En la ciudad, la función del arte era abrir nuestras almas a la belleza y también servir de ejemplo formativo. Se suponía que al contemplar el Teseo en el istmo realizado en bronce por Miguel Ángel, con el pie sobre la cabeza del gigante Cerción, yo debía emular a Teseo y matar gigantes para proteger mi patria. Por supuesto, me habría presentado voluntaria para luchar contra cualquier gigante que amenazase Kallisté si no me hubieran arrollado en la avalancha. Sin embargo, Kallisté era una isla con una carencia extrema de gigantes y otras amenazas semejantes. No había más ciudades que la nuestra. Nunca vi un solo desconocido. De haber sido necesario, habría dado mi vida por ella sin dudarlo. Sin embargo, no pensaba en nada de eso cuando veía el Teseo. Mi emoción más fuerte era dolor por lo hermoso que era, y una admiración inmensa hacia la maestría de Miguel Ángel por haberlo creado. Que el ser humano fuera capaz de tales cosas me hacía desear con fervor poder emularlo, seguir su ejemplo en la creación de belleza. Si hacer aquello era posible, yo quería intentarlo.

Piteas no paraba de crear, aunque no siempre compartía lo que creaba. Escribía poesía y canciones. No conocía a nadie que tocase la lira y la cítara tan bien como él. Destacaba siempre que emprendía algún ejercicio musical, fuese música sola, música con palabras o palabras sin música. Era una maravilla en el modo frigio e incluso mejor en el dórico. Inspirada por su influencia, me esforcé más y mejoré tanto en música como en poesía.

Mi amor verdadero lo entregué a las artes visuales. Me encantaba bordar el quitón y la capa e imaginar nuevos diseños. Con frecuencia bordaba los de mis amigos.
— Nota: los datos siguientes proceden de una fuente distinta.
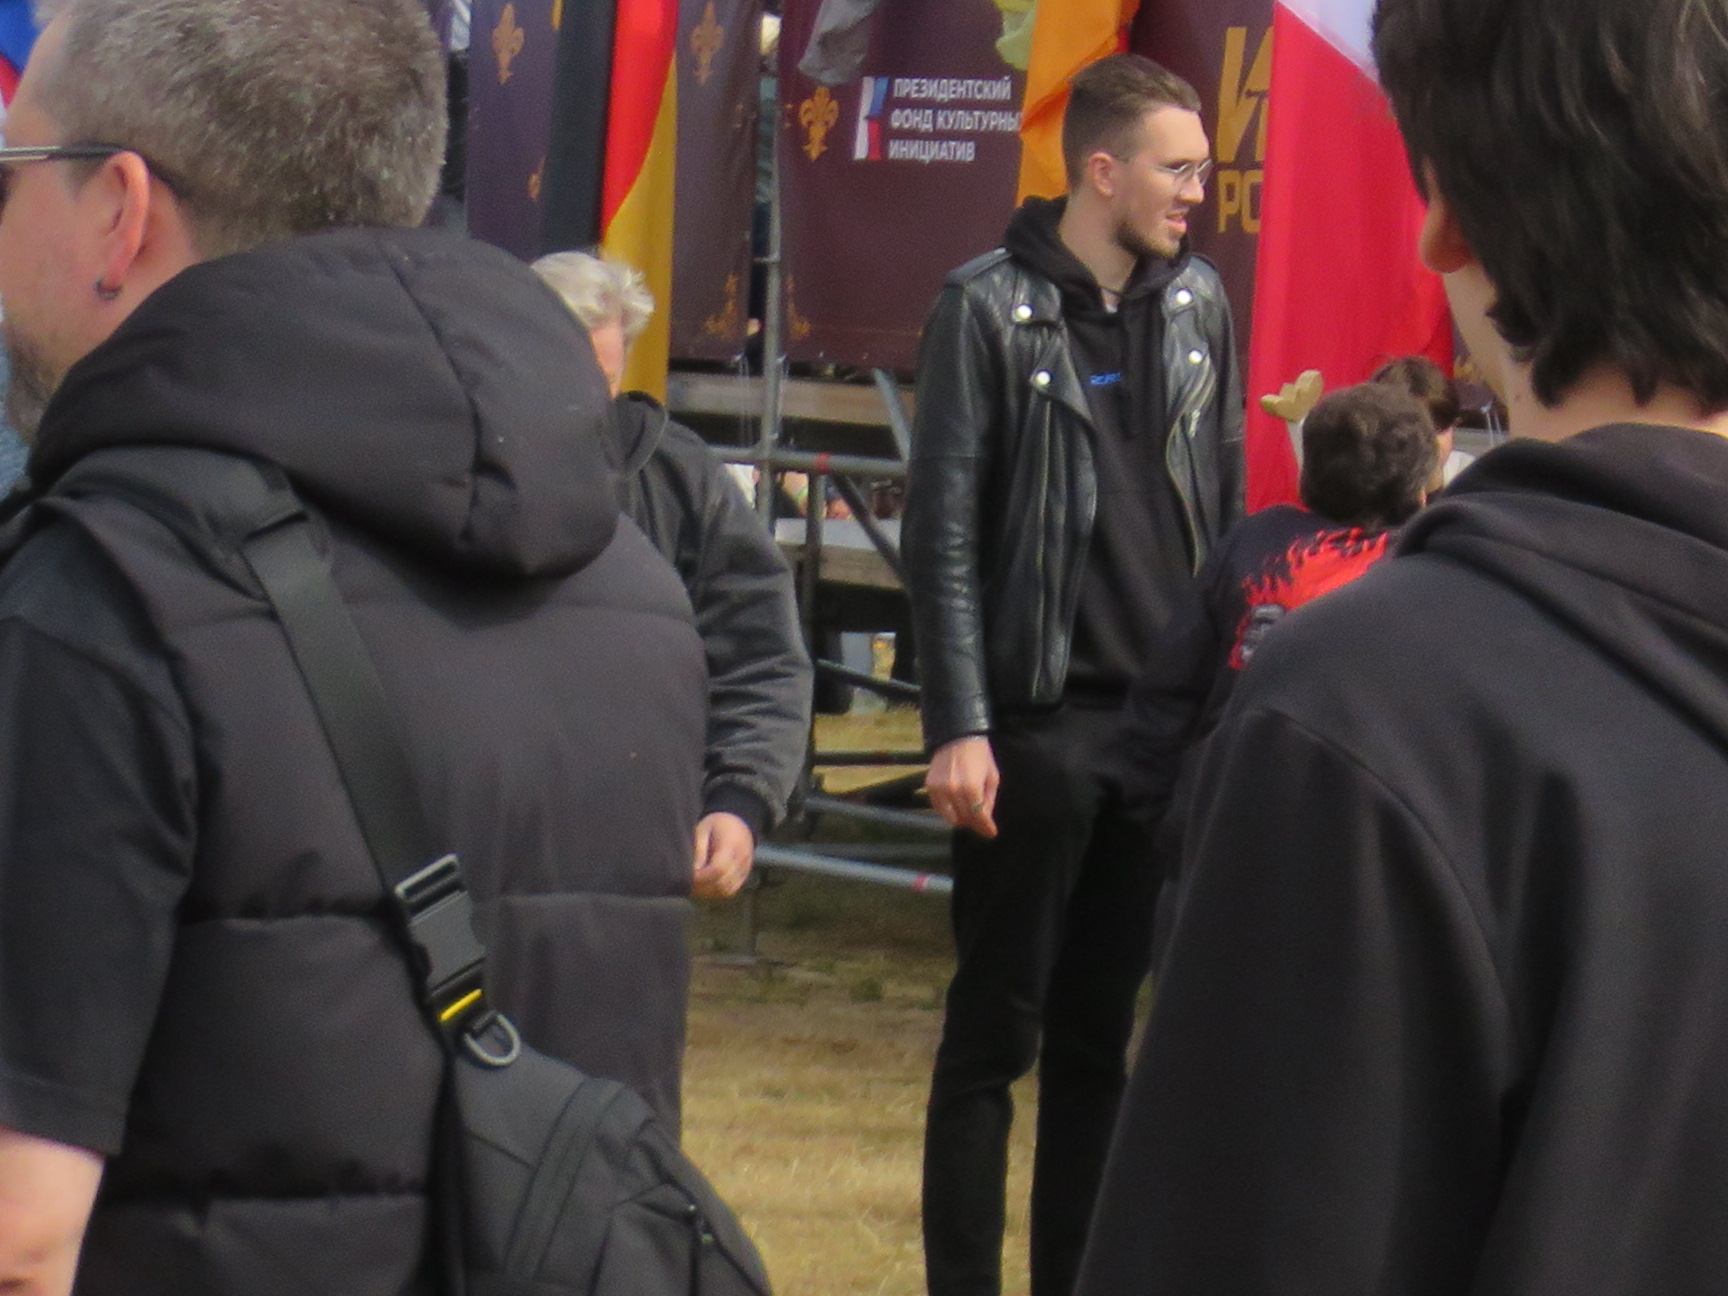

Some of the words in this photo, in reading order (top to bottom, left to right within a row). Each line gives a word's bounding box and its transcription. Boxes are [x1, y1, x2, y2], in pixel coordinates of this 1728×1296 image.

[893, 75, 1011, 102] ПРЕЗИДЕНТСКИЙ
[891, 109, 933, 132] ФОНД
[936, 109, 1021, 131] КУЛЬТУРНЫ
[888, 140, 975, 164] ИНИЦИАТИВ
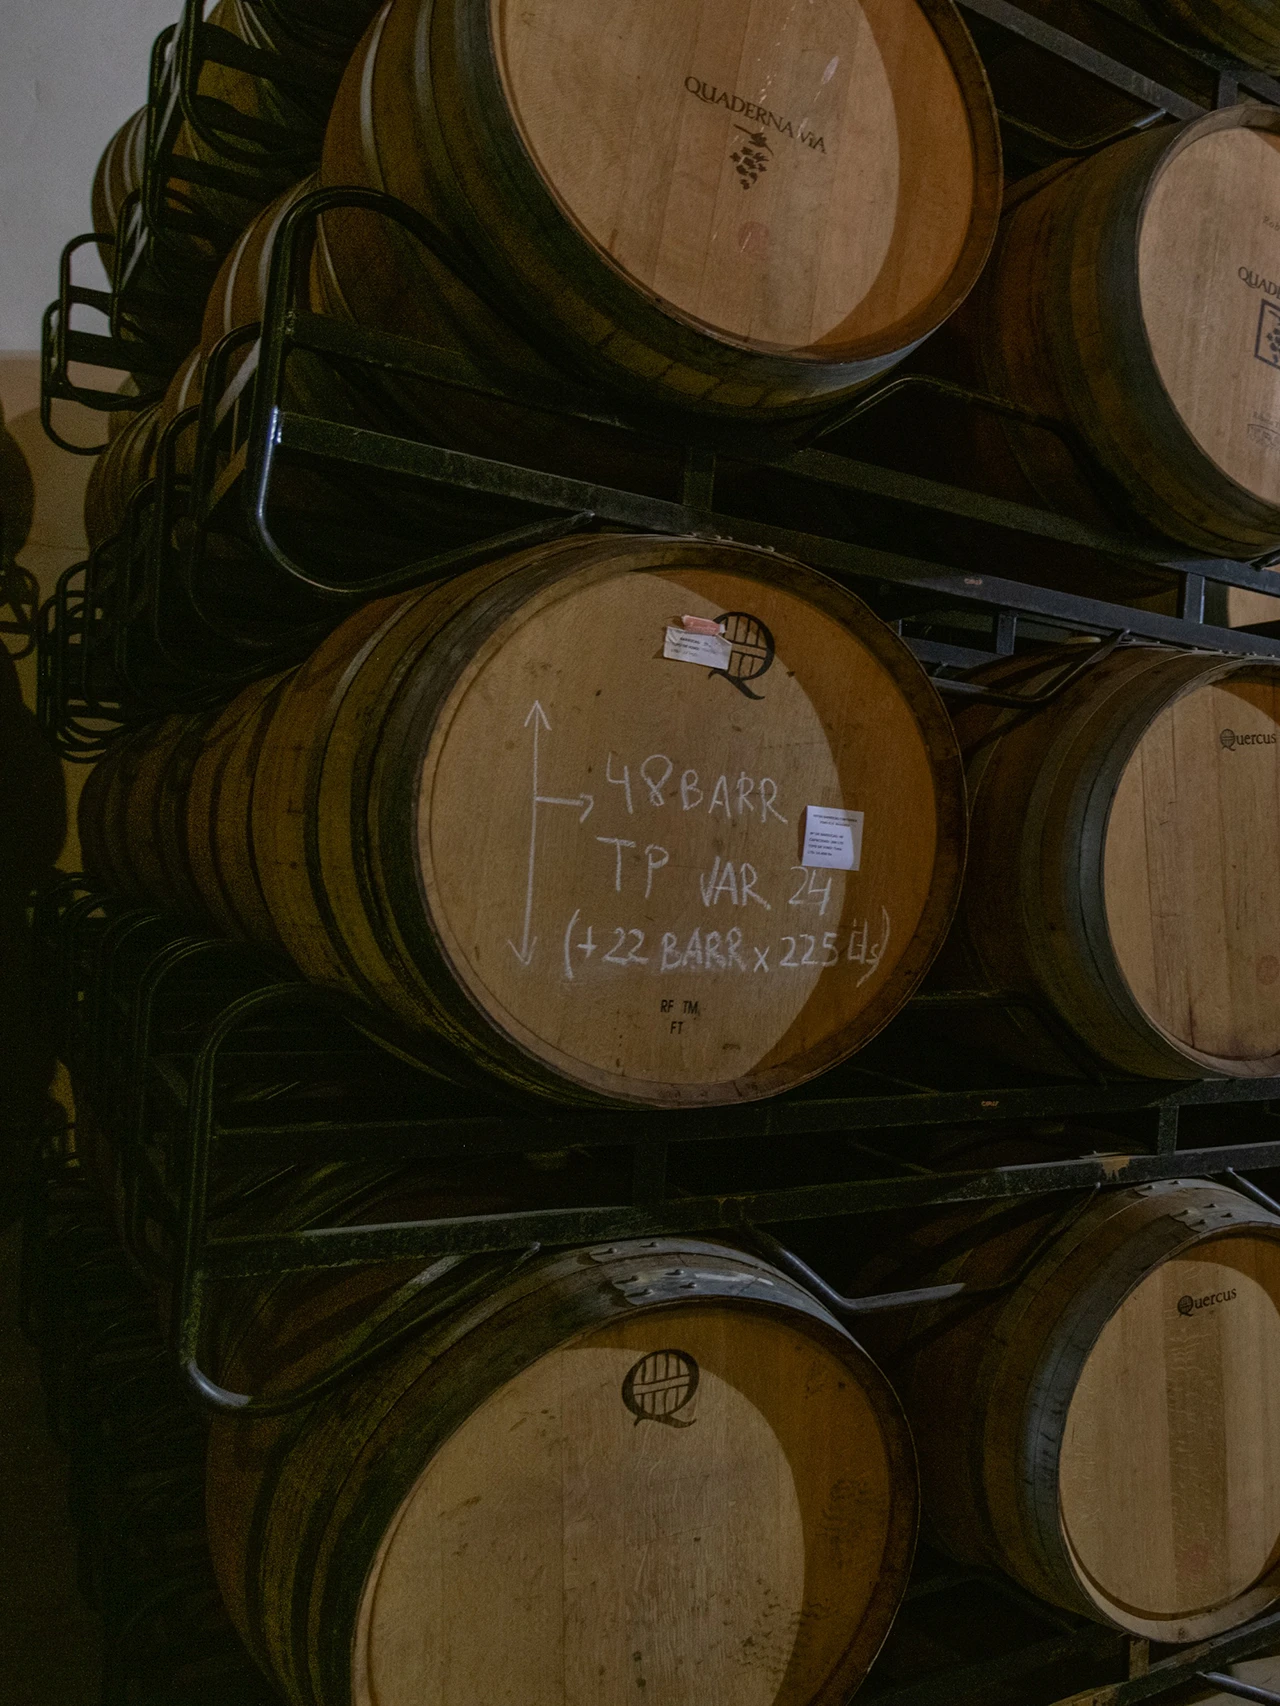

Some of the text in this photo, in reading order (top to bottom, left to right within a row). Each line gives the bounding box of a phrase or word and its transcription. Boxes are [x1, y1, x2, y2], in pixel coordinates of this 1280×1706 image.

[684, 76, 794, 139] QUADERNA
[1220, 728, 1277, 751] Quercus
[788, 865, 832, 917] 24
[780, 931, 839, 968] 225
[1177, 1287, 1237, 1317] Quercus
En la primavera del Año Tercero me eligieron para bordar una pieza de la gran túnica de Atenea. Elegí tonos azules, rosas suaves y grises e hice una cenefa de búhos y libros. Me encantaba ese tipo de labor. Aquel mismo año me enseñaron, por fin, a tallar la piedra; a principios del año siguiente, a esculpir metales; y, por último, aprendí pintura. Pintar era maravilloso, lo que siempre había querido. Me permitía unificar línea y color y plasmar las imágenes que veía en mi mente, aunque nunca quedaban exactamente como yo quería. Al principio se me daba fatal, pero al adquirir algo de técnica logré hacer un boceto de Piteas como Apolo tocando la lira y un dibujo más grande de Andrómeda y Criseida alcanzando la línea de la victoria en los juegos. Casi quedé satisfecha con la composición de aquella obra: había capturado sus expresiones y el contraste entre la luz y la oscuridad en el pelo y la piel era agradable. Me sentaba a comer frente a los Botticellis y sabía a cuánto podía aspirar. La mayoría de los días, aquello me llenaba de esperanza y deleite, y solo sentía aquel objetivo tan inalcanzable como una carga imposible cuando sangraba o estaba en horas bajas.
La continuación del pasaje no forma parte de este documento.